There was a knot of people at the covered entrance to Gasthaus Bavaria.

With a clear conscience—he wasn’t after a table, just looking to see if Ursula was there—he shouldered his way through.

He got as far as the velvet rope before being challenged.

“This isn’t the Army, Lieutenant,” a man hissed at him. “You have to wait in line like everyone else.”

Geoff ignored him and looked around Gasthaus Bavaria. There was even an ooom-pah band. The waiters were in lederhosen.

“Did you hear what I said, Lieutenant?” the man said, petulantly, tugging at Geoff’s sleeve.

Geoff looked at him.

“Fuck you,” he said, clearly and distinctly.

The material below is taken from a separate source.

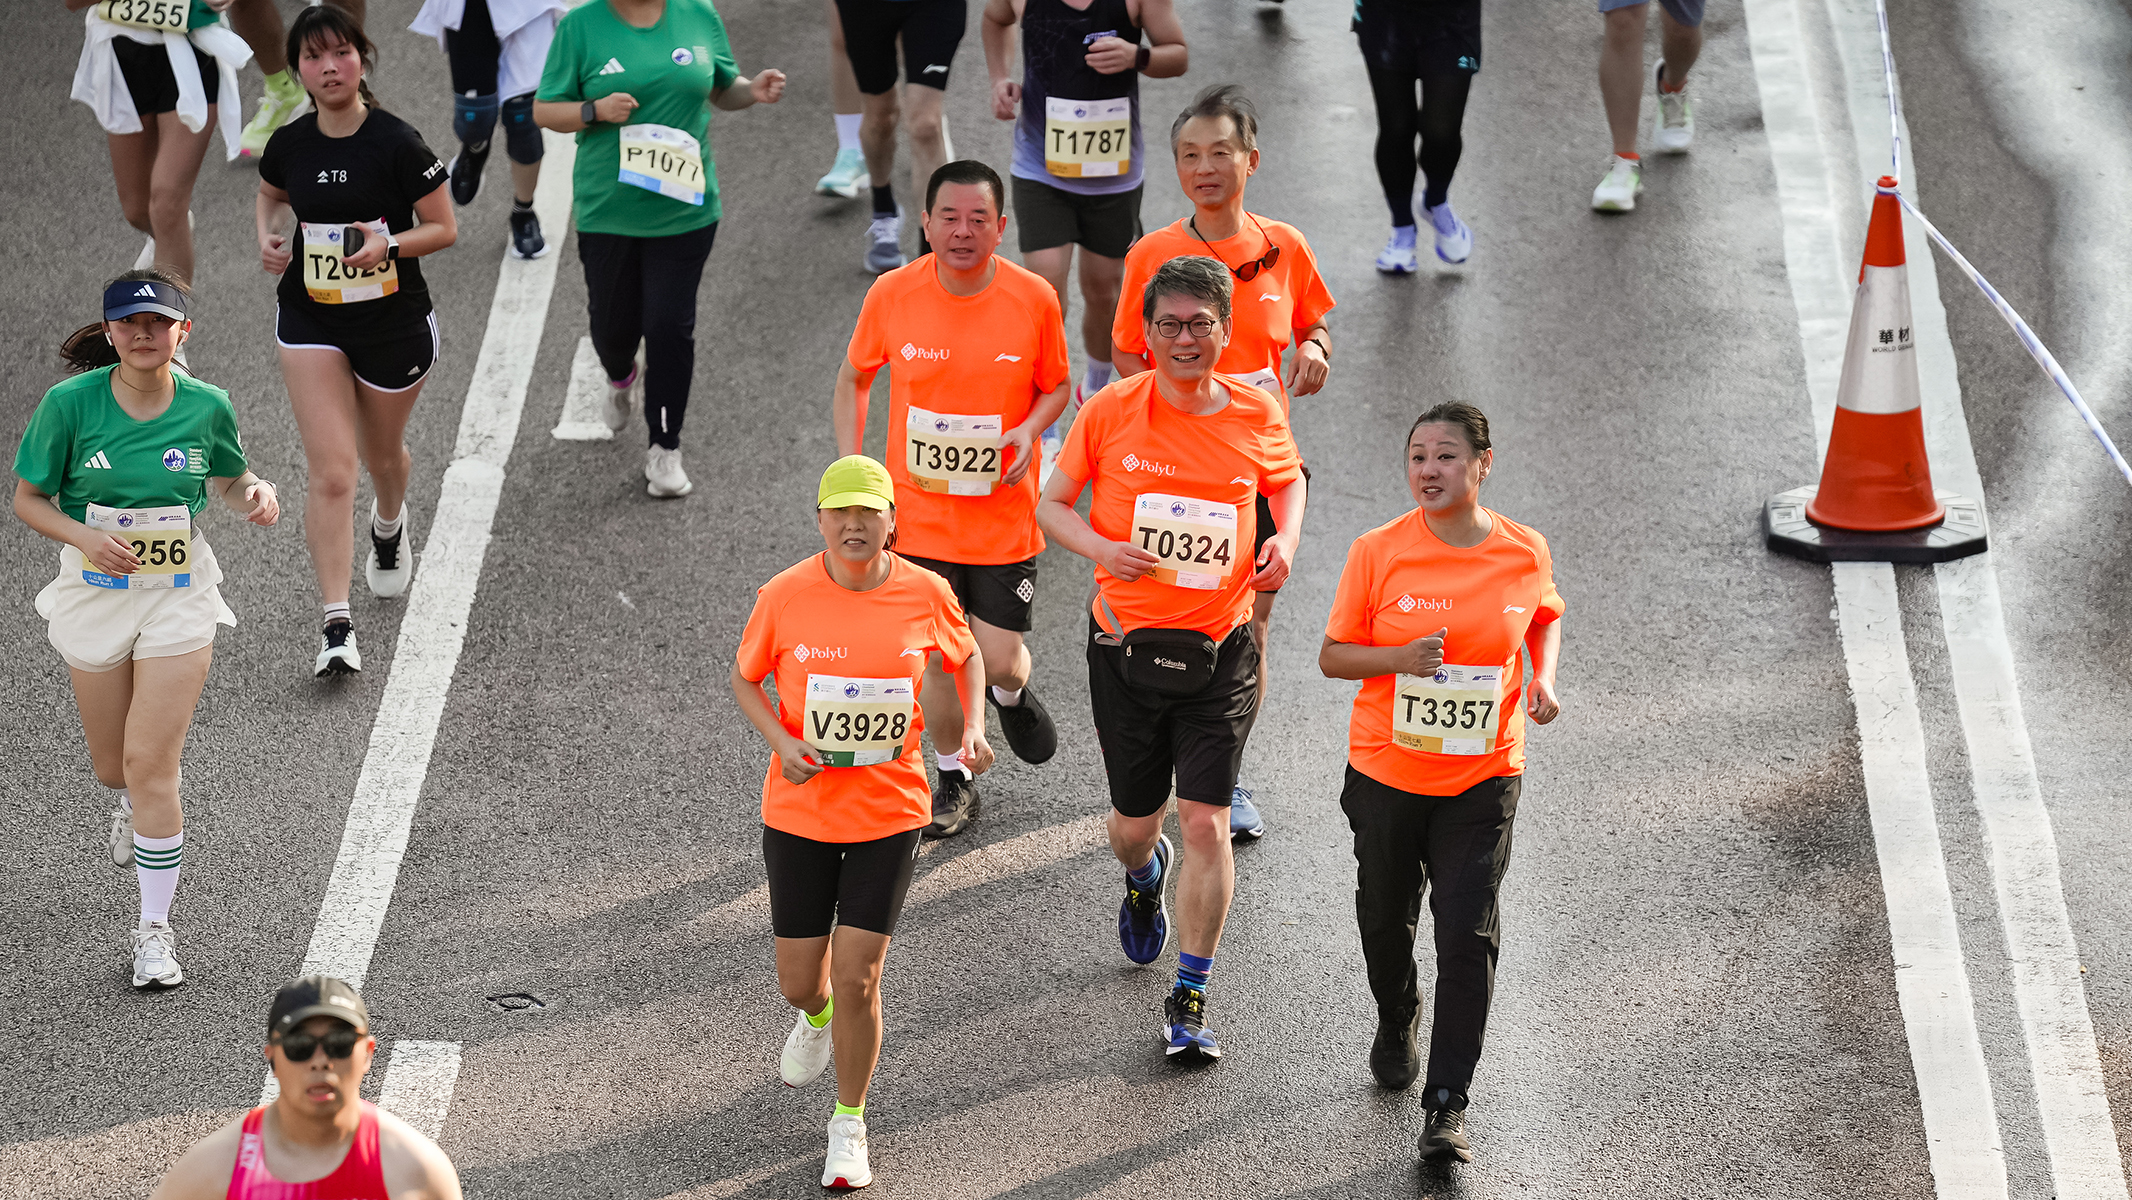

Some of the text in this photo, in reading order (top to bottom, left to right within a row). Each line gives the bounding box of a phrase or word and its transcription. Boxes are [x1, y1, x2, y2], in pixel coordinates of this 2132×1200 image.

He spoke loud enough for his voice to carry around the room. Heads turned, including that of the hostess, who was attired in Bavarian costume, with a white blouse and a pleated skirt and knee-high woolen stockings. She even had her hair done up in a bun. When she located the source of the obscenity, she dropped her menus and ran across the room, crying, “
Liebchen! Oh, Liebchen! Meine Liebchen!

Geoff thought Ursula looked really terrible in her Bavarian costume and hair in a tight bun. It didn’t really matter, for ten minutes after he first saw her in it, he had her hair down, and Ursula was wearing her birthday suit.

 

(Two)

Ursula was tracing with the balls of her fingers the small white scars on his left leg (Purple Heart #2) and upper right chest (Purple Heart #3), when the door chimes sounded.